Wondering what vegetables are in season during the summer?
Registered Dietitian at the Weight and Wellness Center, Melissa Page, MS, RD, LDN highlighted the variety that the different months of summer offer. “A lot of the greens are in season particularly in June. Kale, collard greens, arugula, and lettuces can easily be added to salads or quickly sautéed. And in July, there are zucchini, summer squash, and eggplant as well as all sorts of peppers that come in season.”
There are also healthier options for one of America’s great cooking pastimes: grilling.
Ms. Page recommends cooking white meat chicken and fish such as swordfish, salmon, and cod as alternatives to their fattier red meat counterparts. If you do want to eat red meats, she recommends purchasing leaner cuts. “Leaner pork cuts like pork tenderloin, pork roast or a pork loin can be marinated and put on the grill. Also with steak, there are lean cuts of beef that you can grill as well. Sirloin and strip steak are both very lean, so if you really like beef, those are some things you can enjoy.”
On the sweeter side
Fresh fruits can serve as healthier alternatives to traditional summer treats like ice cream. Melons such as watermelon, cantaloupes and honeydew come into season in the summer as well as a wide variety of berries. Simple tricks such as freezing grapes and making popsicles with non-fat Greek yogurt and fruit can also serve as a way to sweeten things up without the fat, calories, and sugar that a typical cup of ice cream would have.

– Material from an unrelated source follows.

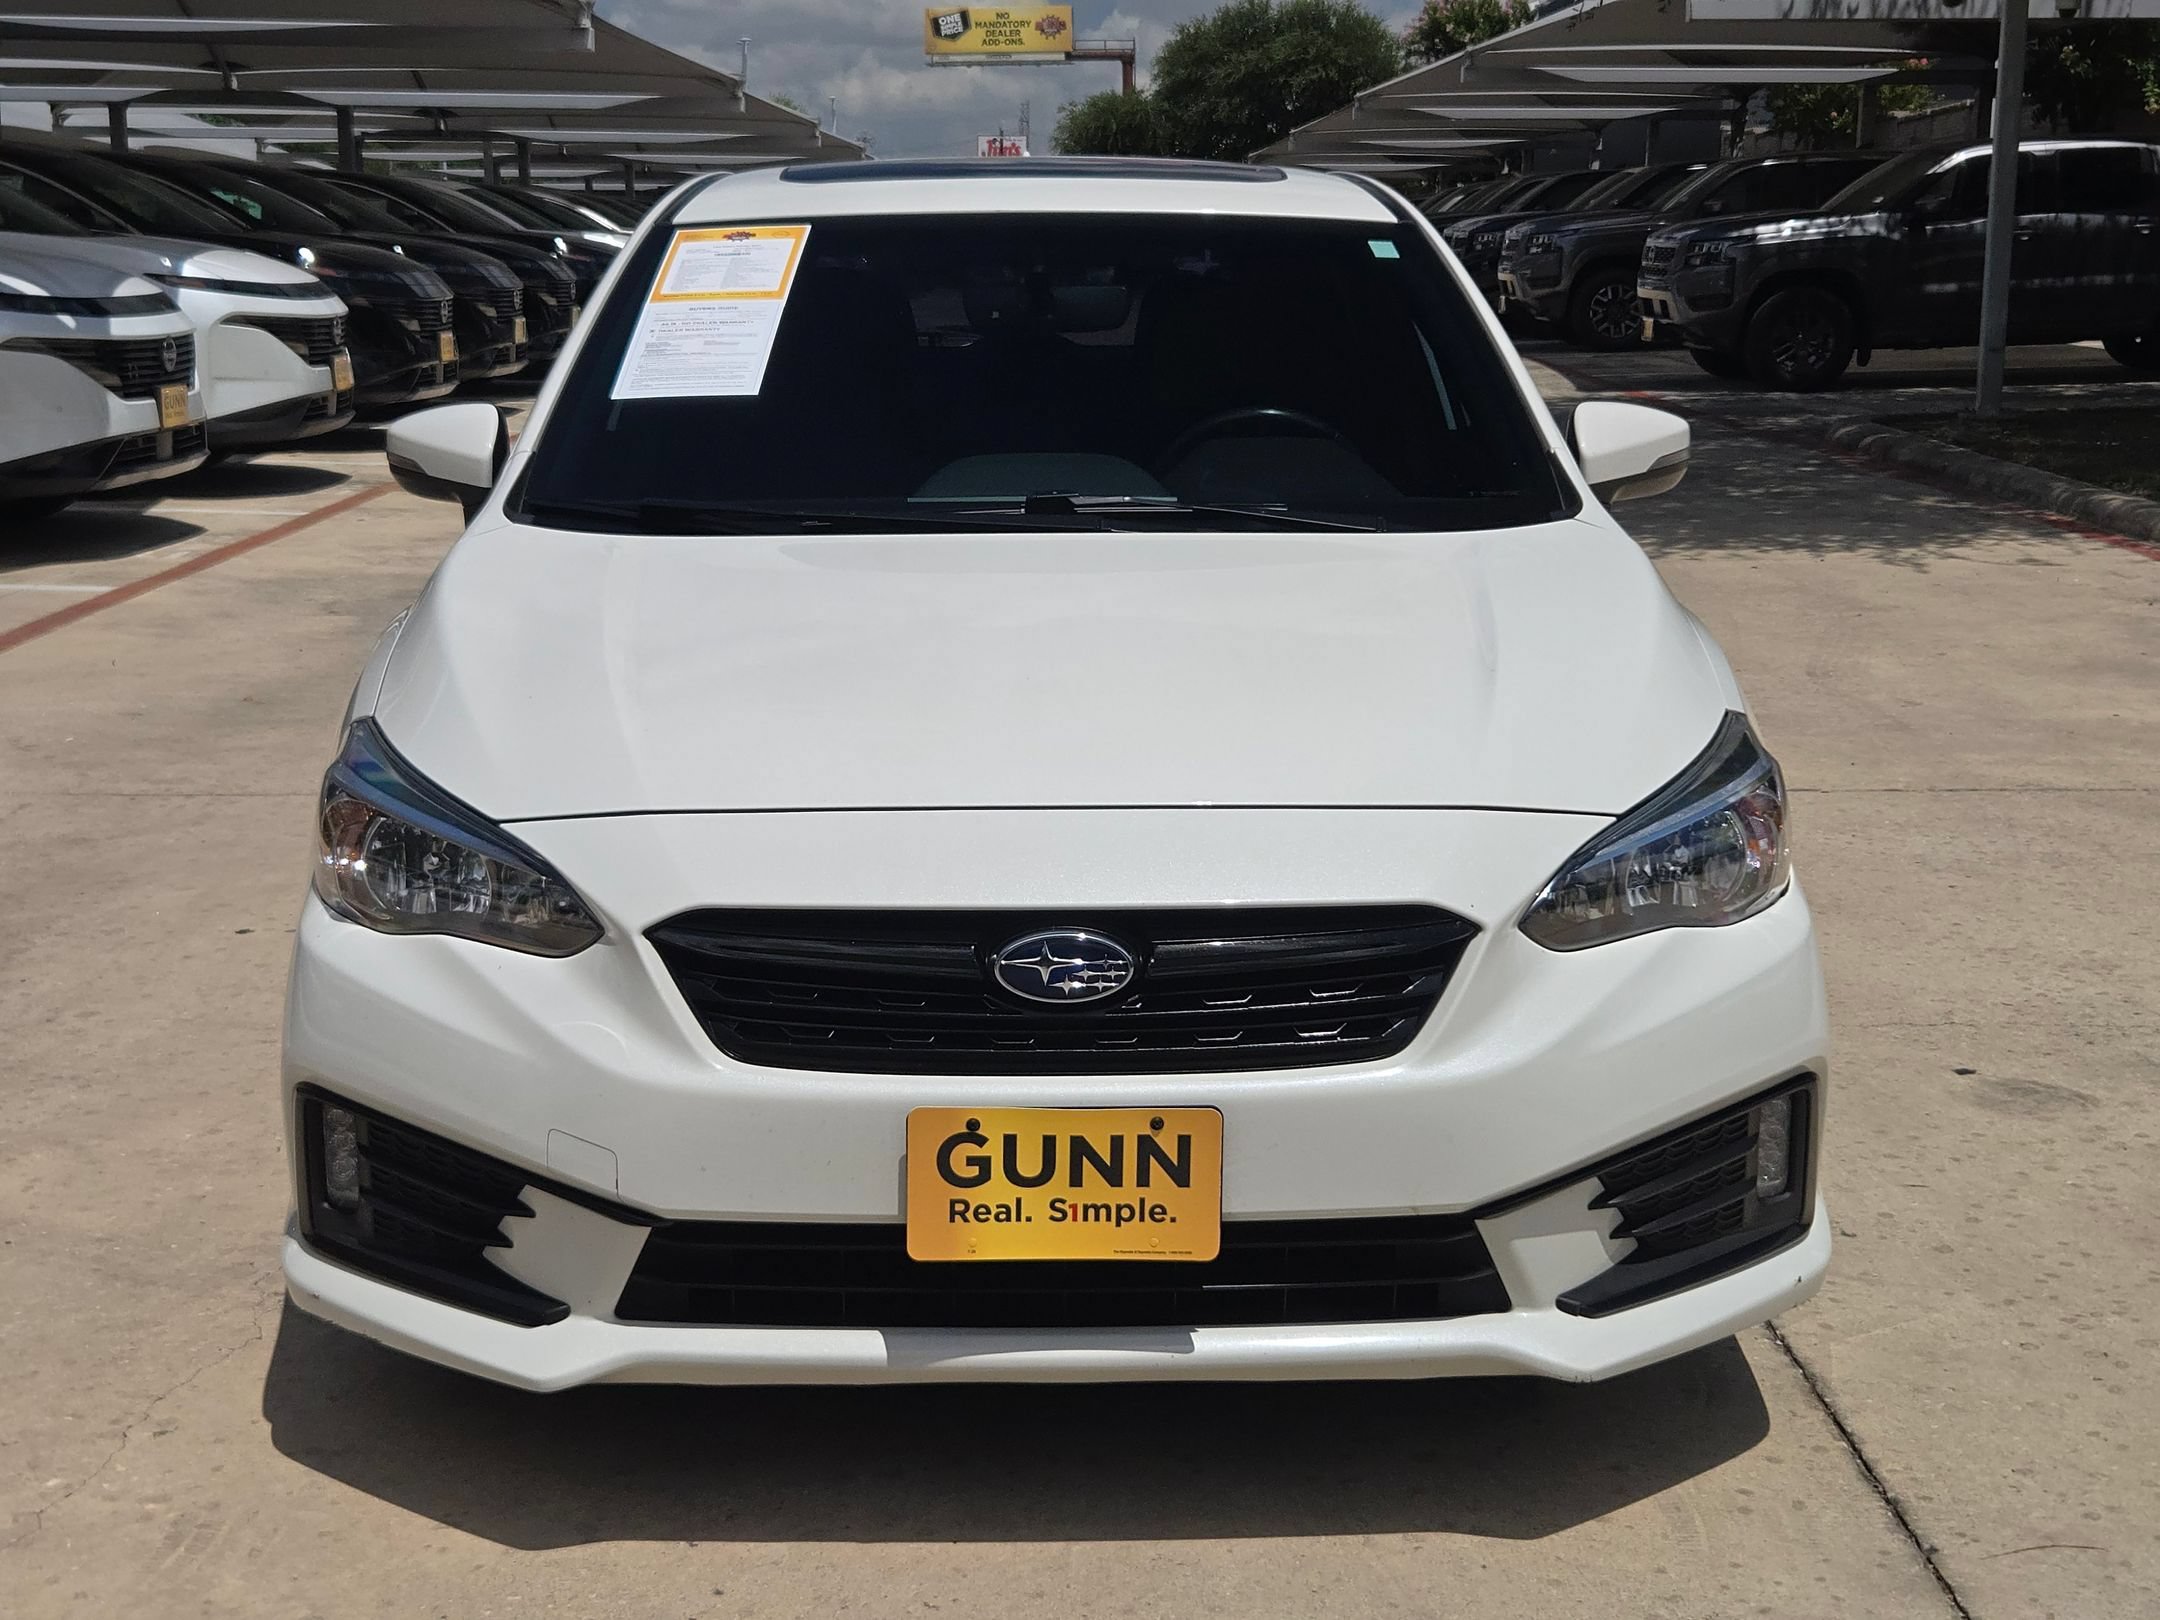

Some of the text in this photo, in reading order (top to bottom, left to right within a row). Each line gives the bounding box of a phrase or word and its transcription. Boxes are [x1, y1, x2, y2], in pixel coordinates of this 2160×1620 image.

Consumers should also be wary when reading advertisements that suggest that frozen yogurt as a healthier option to ice cream. “Often,” she says, “frozen yogurt sold at the ice cream shop or in the grocery store is going to have a lot of added sugars, so you definitely need to take a look at the nutritional facts and watch the sugar content. I suggest buying sugar free options or taking non-fat Greek yogurt and sweetening it up with pureed fruit.”
Ms. Page also emphasizes the need to remain hydrated this summer. It is important to drink eight cups of water a day and replace any water lost from exercise. If you’re looking to have something with a little more flavor, Ms. Page recommends seltzer water. “It’s a great option if you are comfortable with carbonation. They have a lot of different flavors with no calories and no sugar. . However, my favorite alternative is adding fruit to water. Slicing strawberries, cucumbers, or herbs and adding them to your water is great because there are no extra sugars, but you’re getting some flavor without all the calories.”